Facts: P sued D for breach of trust and misrepresentation in federal court b/c of diversity. NY substantive law applied. The NY S/L wouldnt allow this case, so district ct dismissed. Appeals reversed and allowed suit. Is a state S/L law that would deny recovery in state court substantive? The intent of Erie was to insure that the outcome of the litigation in the fed court should be substantially the same as it would be if tried in state court. It doesnt matter if S/L law is substantive or procedural. Here there would be no recovery at all in state court, so the S/L would cause a substantially different result. Fed cts need not follow state law that concerned merely the manner by which a right to recover is enforced. Although a law may be procedural, it is substantive under the meaning of Erie if it would lead to a substantially different result in federal court than in state court. This was a court sitting in equity. Guaranty Trust said that Erie also applies to courts of equity.

Issue: Analysis:

Concl: Note:

c. Other early Erie cases upholding state law (p 280) 1. Ragan v. Merchants, 1949 state law regarding when S/L starts applies 2. Cohen v.
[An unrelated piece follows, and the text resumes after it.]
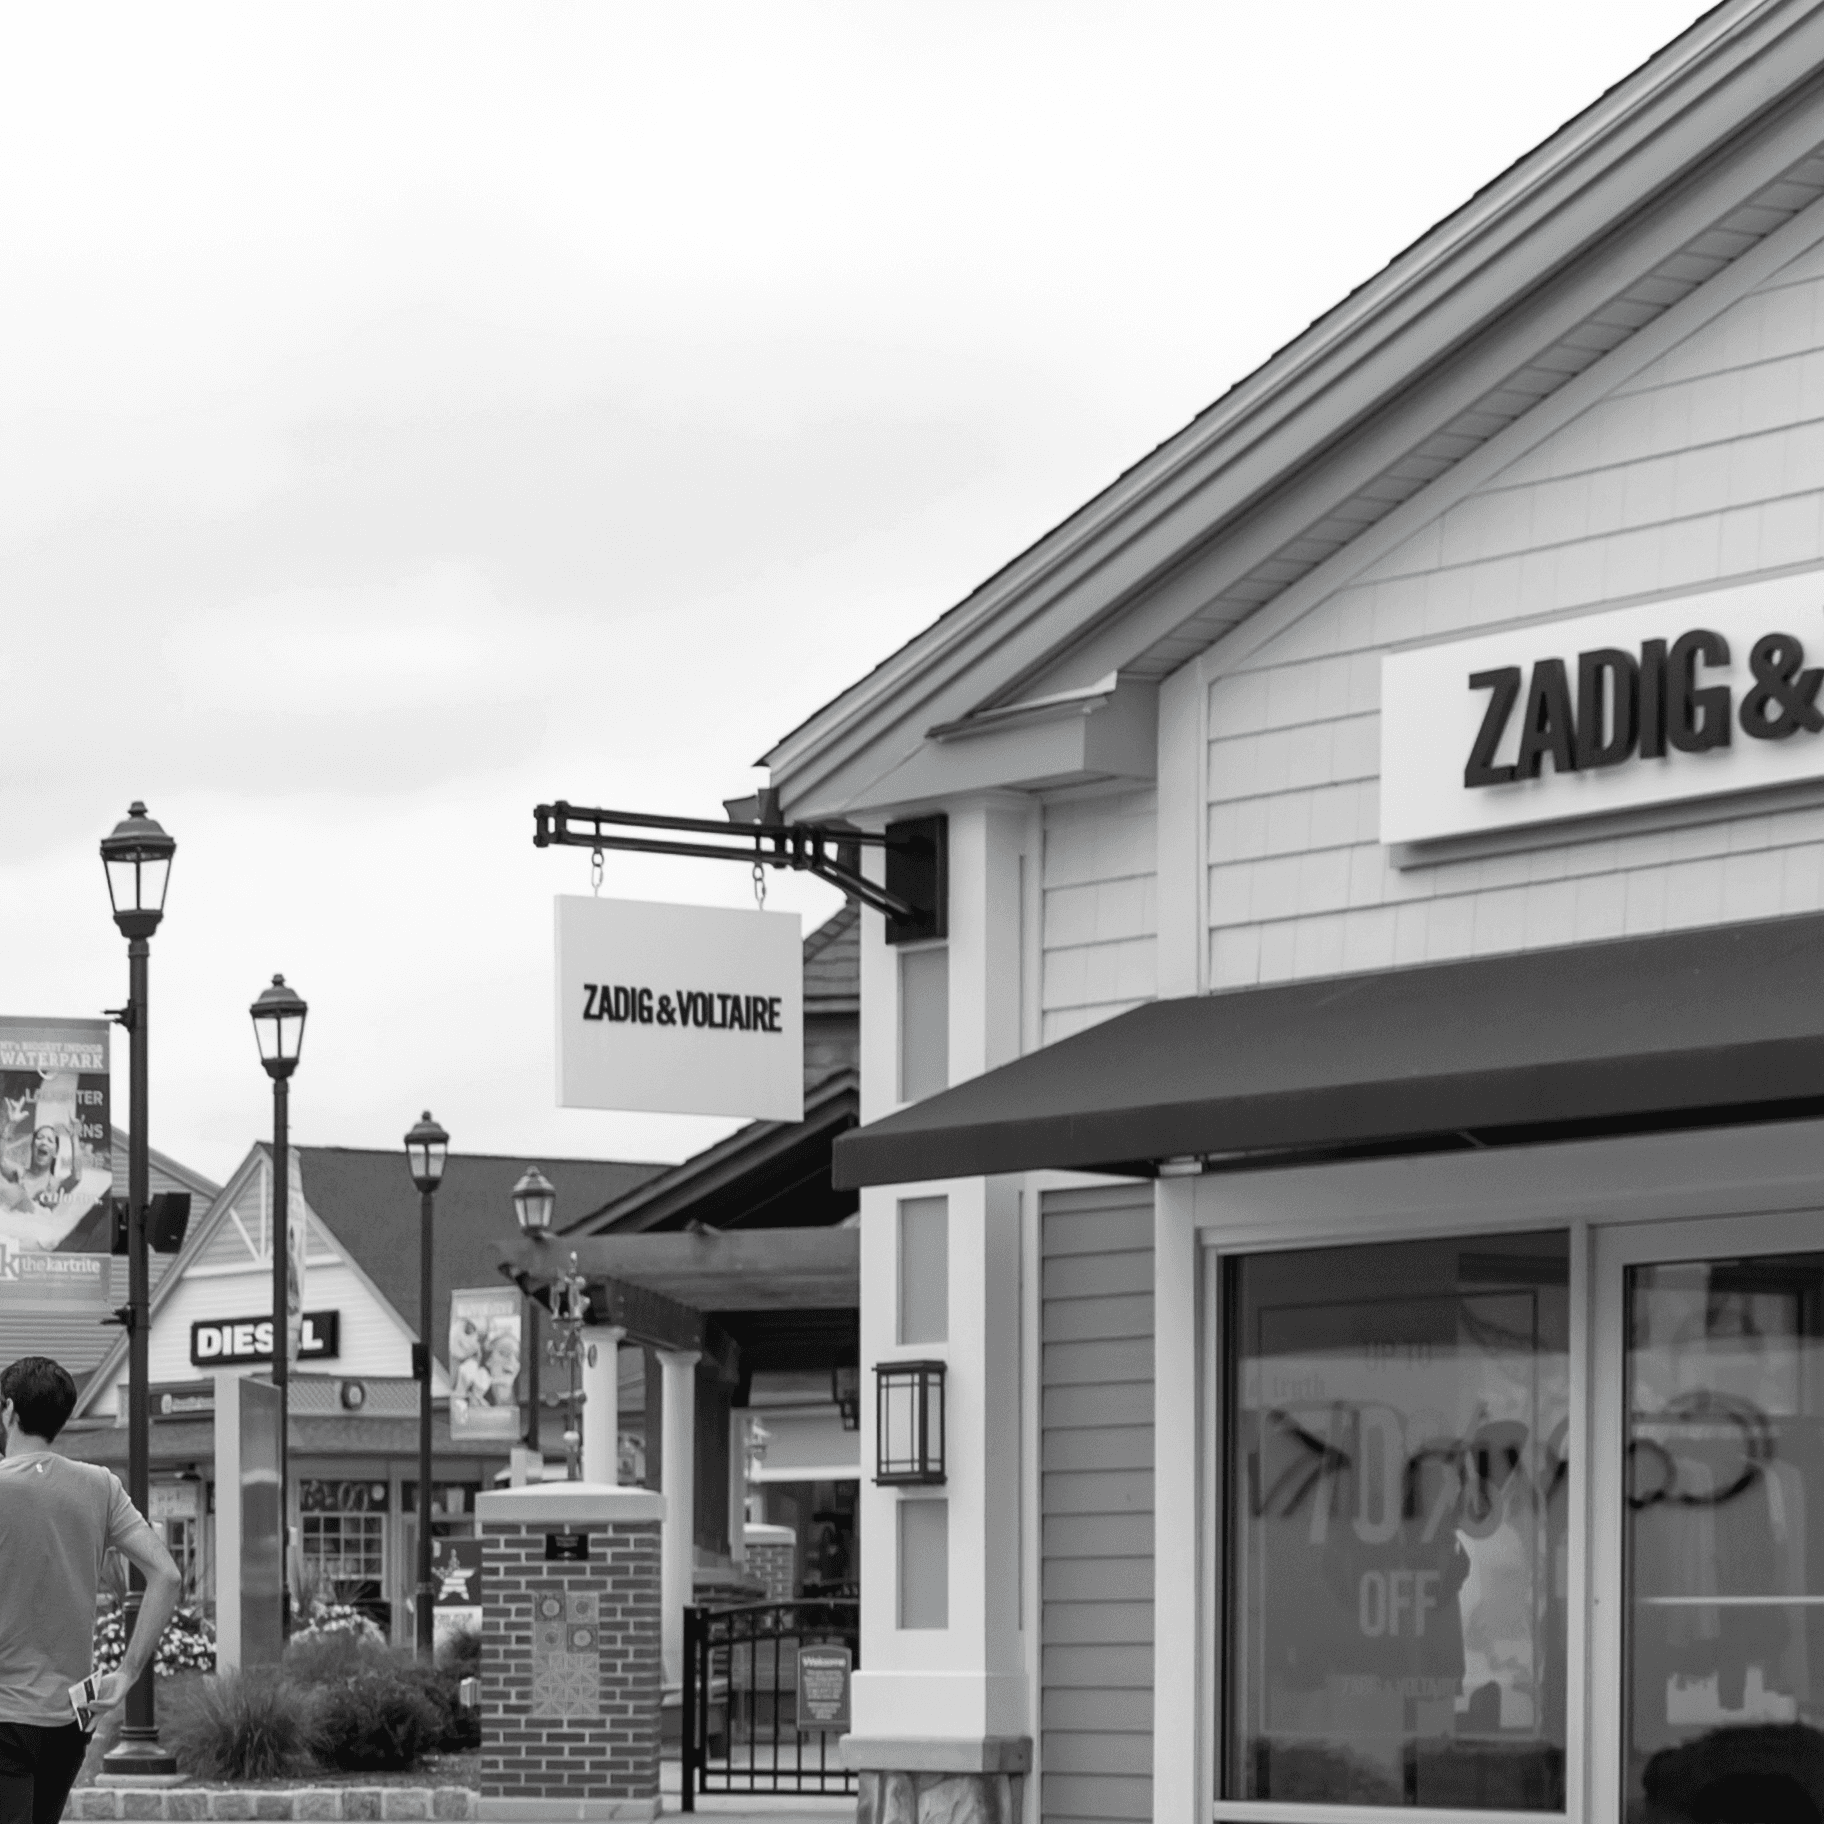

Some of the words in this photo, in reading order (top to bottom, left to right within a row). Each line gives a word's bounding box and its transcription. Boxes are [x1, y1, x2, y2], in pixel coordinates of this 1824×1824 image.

[0, 1051, 104, 1069] WATERPARK
[197, 1319, 324, 1358] DIESL
[1359, 1570, 1441, 1638] OFF
Beneficial Indus., 1949 must apply state law requiring a bond for P to be able to sue. 3. Bernhardt v. Polygraphic Co. of America, 1956 narrowly construed federal arbitration statute and upheld state law regarding the enforceability of arbitration agreements. 4. Woods v. Interstate Realty Co., 1949 must apply state law barring suit by out-of-state corporations that had not paid taxes.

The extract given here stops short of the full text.